The feature pipeline is a MongoDB aggregation persisted in ecosystem_meta.mlrun_feature_pipelines. The pipeline is generated by one of three paths:

  • AI pipeline assistant — the Generate tab in the console pairs a free-form prompt with a pipeline_kind selector and two action buttons (Draft only / Generate everything). The assistant samples the source collection, drafts the aggregation, infers the target column / problem type, and (optionally) runs every selected framework end-to-end. See Console Tour — Generate tab.
  • Manual editor — paste an aggregation directly into the Aggregation Pipeline JSON text area on the Data Source tab and click Preview to sample the first results.
  • The seeder (scripts/seed_mlrun_use_cases.py) — uses a hand-tuned aggregation that derives the per-use-case target field on the fly so the seed run is reproducible without any prior labelling.

AI assistant inputs

The Generate tab passes the following to the backend /api/v1/mlrun-runtime/generate-from-prompt endpoint:

FieldEffect
promptFree-form natural-language description of the goal.
kindOne of auto, numeric, categorical, temporal, mixed, aggregates, type_coercion.

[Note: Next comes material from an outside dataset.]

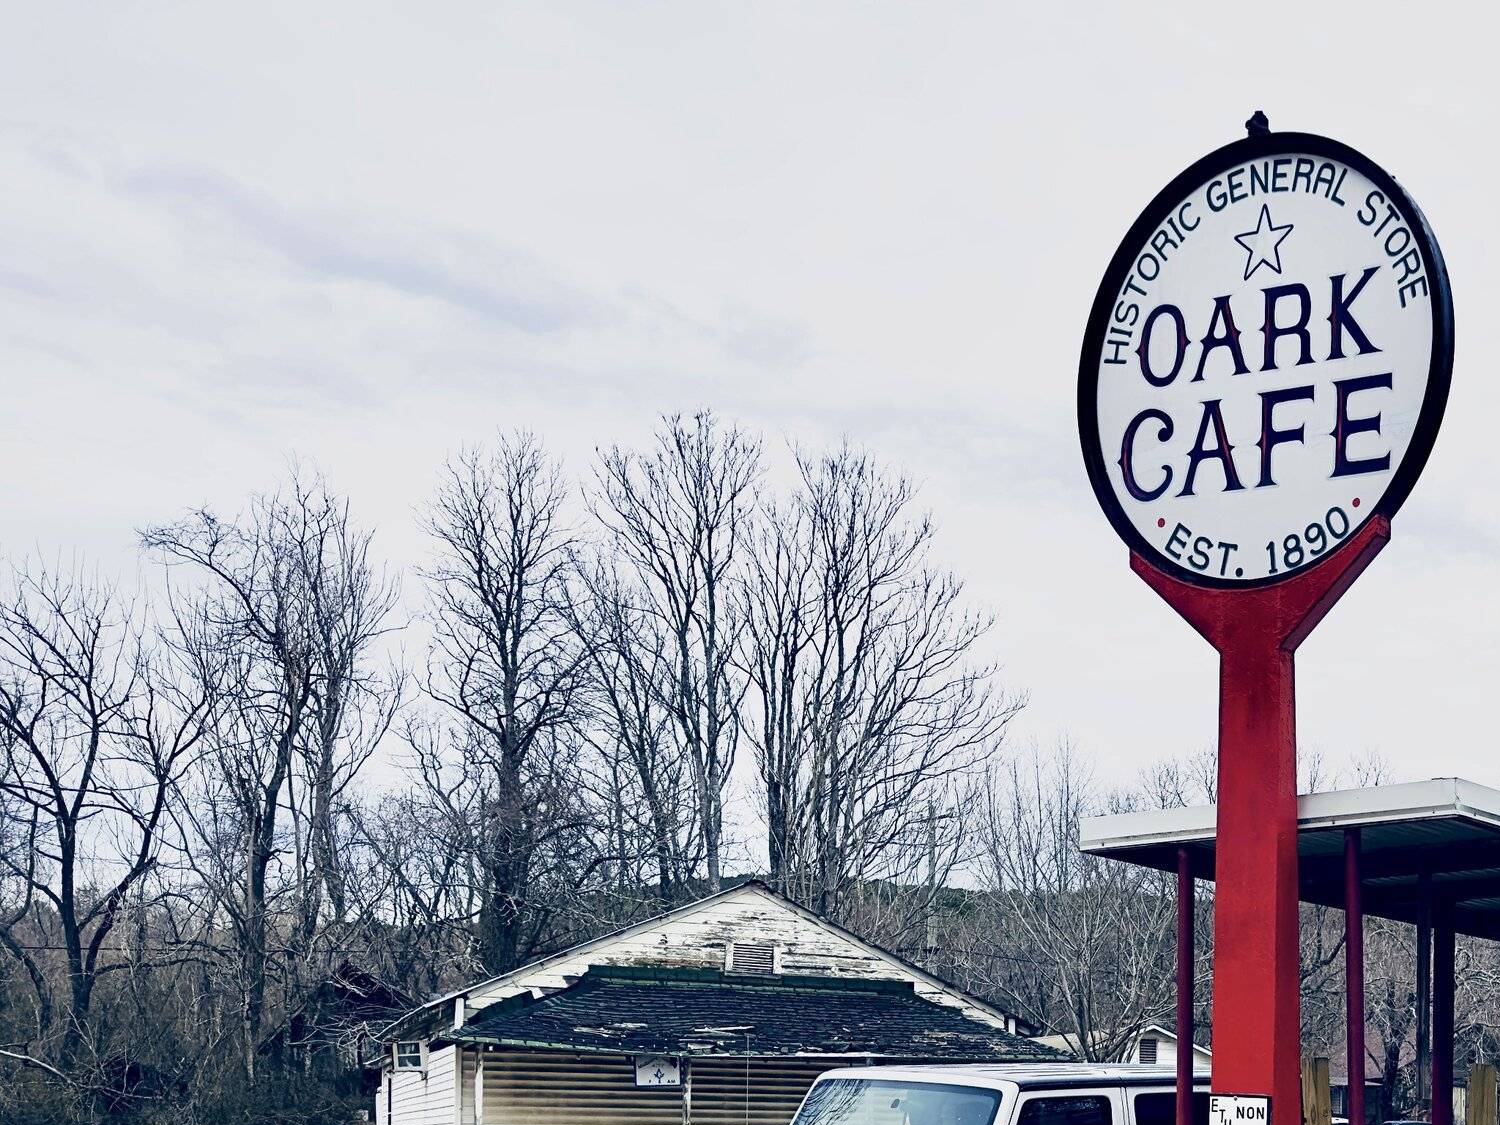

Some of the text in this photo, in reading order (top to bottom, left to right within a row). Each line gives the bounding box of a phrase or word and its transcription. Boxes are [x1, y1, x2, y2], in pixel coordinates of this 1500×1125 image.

Selects the aggregation template the assistant uses.
source.{database,collection}Inherited from the Data Source tab and used to sample the schema (default 100 documents) before drafting the pipeline.
target.{database,collection}Where the engineered output gets written.
project_id, configuration_idWhen set, the assistant updates the existing configuration in place.
run_training + frameworksWhen run_training=true, the backend also dispatches one POST /train per selected framework after persisting the configuration.
persistAlways true from the Generate everything button; the Draft only button submits the same payload but never writes the configuration.

The assistant returns:

  • The full MlrunFeatureEnrichmentRequest (loaded back into the form).
  • A schema_summary describing how many documents and fields were sampled.
  • An optional training_spec with the inferred target, problem type, feature columns, and confidence.
  • A training_results list (one entry per framework) when run_training=true.

Pipeline kinds

KindWhen to pick it
autoDefault — let the assistant decide based on the prompt and the sampled schema.
numericPure numeric features; clean fillna with 0.
categoricalString columns; populates H2O enum_columns.
temporalCalendar / time-of-day boolean indicators.
mixedBalanced blend of numeric + categorical + temporal.
aggregatesPer-entity rollups using a Mongo $group aggregation pipeline.
type_coercionUse $addFields / $switch to clean mixed-type fields.

Spend Risk pipeline

The spend-risk aggregation:

  1. Filters transactions to the last 90 days.
  2. Buckets by merchant category and channel.
  3. Computes per-customer rollups: amount sum / mean / std, declined-count, and high-risk flag.
  4. Adds the derived is_high_risk boolean.
  5. Writes engineered rows to master.bank_transactions_mlrun.
[ { "$match": { "transaction_date": { "$gte": "$$NOW.$dateSubtract:90 days" } } }, { "$group": { "_id": "$customer_id", "amount_sum": { "$sum": "$amount" }, "amount_mean": { "$avg": "$amount" }, "amount_std": { "$stdDevPop": "$amount" }, "declined_count": { "$sum": { "$cond": [{ "$eq": ["$status", "DECLINED"] }, 1, 0] } }, "high_risk_categories": { "$push": "$merchant_category" } }}, { "$addFields": { "is_high_risk": { "$or": [ { "$gte": ["$declined_count", 3] }, { "$gt": [{ "$size": { "$setIntersection": ["$high_risk_categories", ["gambling", "crypto", "cash_advance"]] } }, 0] } ] } }}, { "$out": "bank_transactions_mlrun" } ]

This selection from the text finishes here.